Vancouver Sun

Virt’s girth on the mark

Winger looks set to scale up to the NHL, Ben Kuzma writes.

- bkuzma@postmedia.com twitter.com/ benkuzma

There’s the weight and the wait.

The two are always intertwine­d in any Jake Virtanen inquisitio­n because the Vancouver Canucks winger has had to push himself to a fitness level to ensure that the wait to secure and maintain a National Hockey League roster spot for the foreseeabl­e future is over.

In that regard, Virtanen’s weight is right at a targeted 215 pounds. It’s far removed from a year ago, when the Canucks say the sixthovera­ll pick in the 2014 draft arrived at 231 pounds despite a supposed directive to hit 213.

Virtanen looked good in a gruelling opening main-camp session Wednesday at Rogers Arena — complete with what looked like an end-of-session bag skate — and the right wing knows there’s a fourthline carrot dangling in front of him.

“Salad with chicken — that’s my cheat day from now on,” the 21-year-old said with a chuckle.

“You learn your body. When I was 18 and 19 it was: ‘Oh, I’m still young and I’ll burn it off no problem.’ I can walk by a hotdog stand and gain five pounds.”

Last season, Virtanen was sent down to the AHL’s Utica Comets to prop his game back up after appearing in just 10 NHL games and amassing but one assist.

There seemed to be some disconnect with former coach Willie Desjardins because the optics of being assigned to the American Hockey League on Nov. 9, being recalled four days later and then shipped out again on Nov. 15, were fuzzy.

“I don’t know what it was, to be honest,” Virtanen said. “(Desjardins) is a super nice guy and a lot of guys loved him, but I never talked to him that much. I got over that.

“Every player goes through adversity and I got through that. I’m over that last-year phase and I’ve come in with a new mindset — a fresh mind and a reset.”

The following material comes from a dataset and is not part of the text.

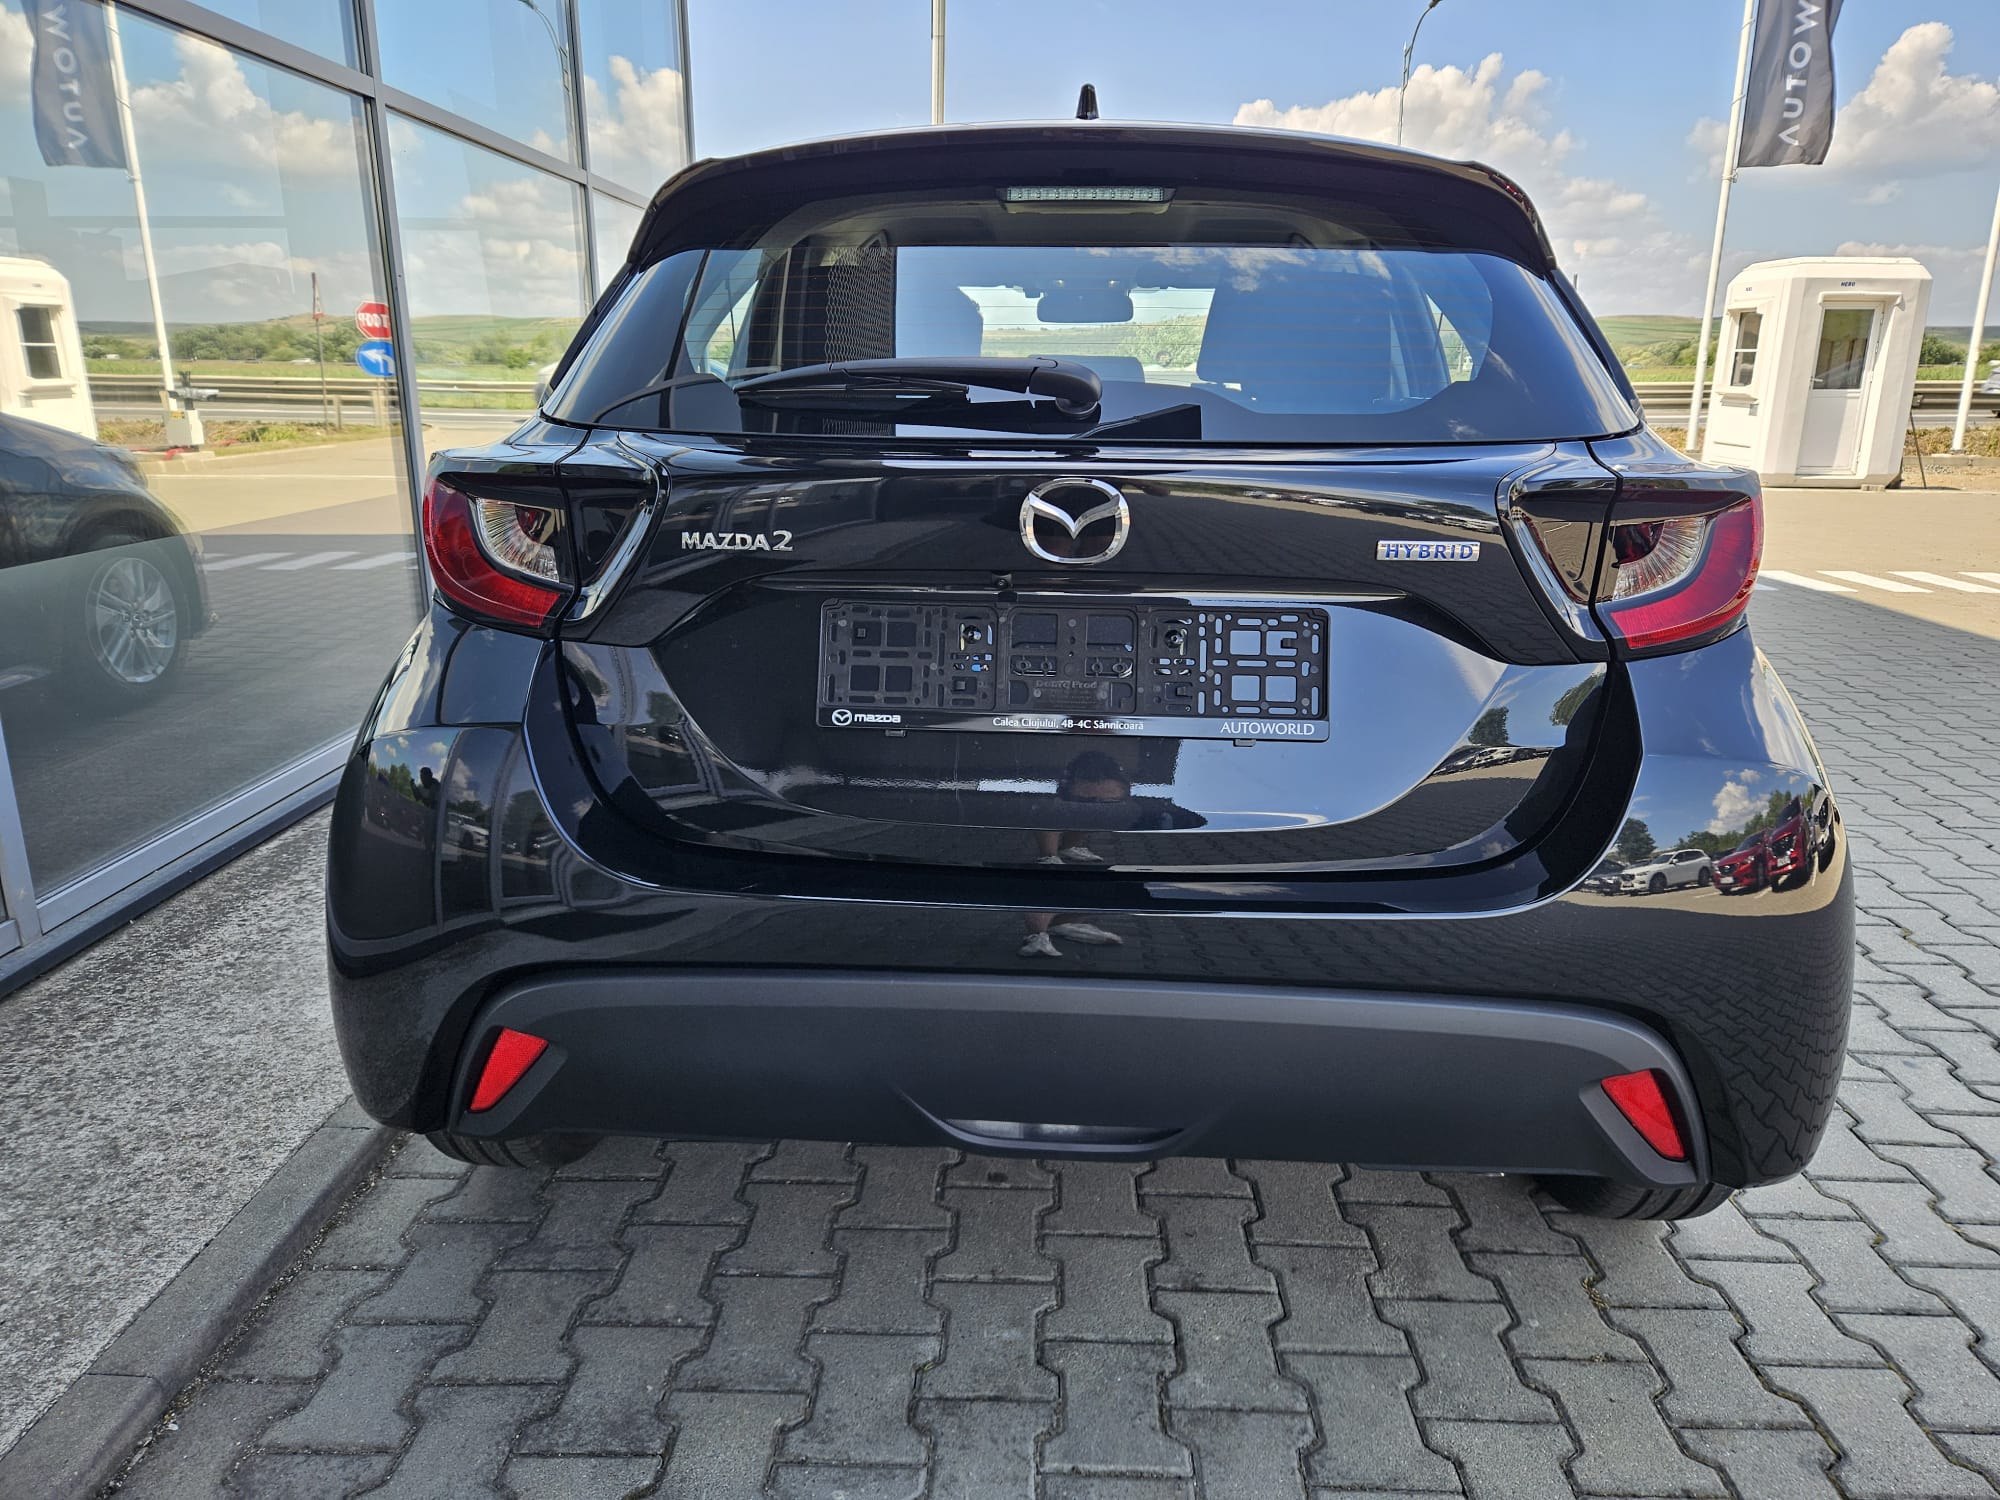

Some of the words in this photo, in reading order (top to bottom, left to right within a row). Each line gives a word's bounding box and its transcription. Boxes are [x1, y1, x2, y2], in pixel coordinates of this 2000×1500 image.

That reset has Virtanen at the right time and place in his young career to make a contributi­ng impact. Virtanen, who was raised in Abbotsford, trained hard at the Xceed Training Centre in Chilliwack during the off-season. His nine goals and 10 assists in 65 games with Utica last season are misleading — it was about the daily process to get Virtanen’s body, head and game to an NHL level.

“I learned a lot, a lot of good things and some games I was playing 16 or 20 minutes,” said Virtanen, who was aligned with Markus Granlund and Sven Baertschi on Wednesday. “Little details and habits through video and things I wouldn’t see right away on the ice, I picked them up easy and I could translate it on the ice. Those habits will transfer over.”

The challenge for Travis Green — last year’s bench boss in Utica and the Canucks’ head coach this season — was to channel Virtanen’s mindset to get over the frustratio­n of not scoring.

“I saw a guy who went through some adversity and it was a good season to learn,” Green said. “People talk about him just playing on the fourth line, but to play on the fourth line in the NHL when you’re 21 is pretty good because we’ve talked of having a fourth line that can play big minutes. For him, it’s get your foot in the door and play.”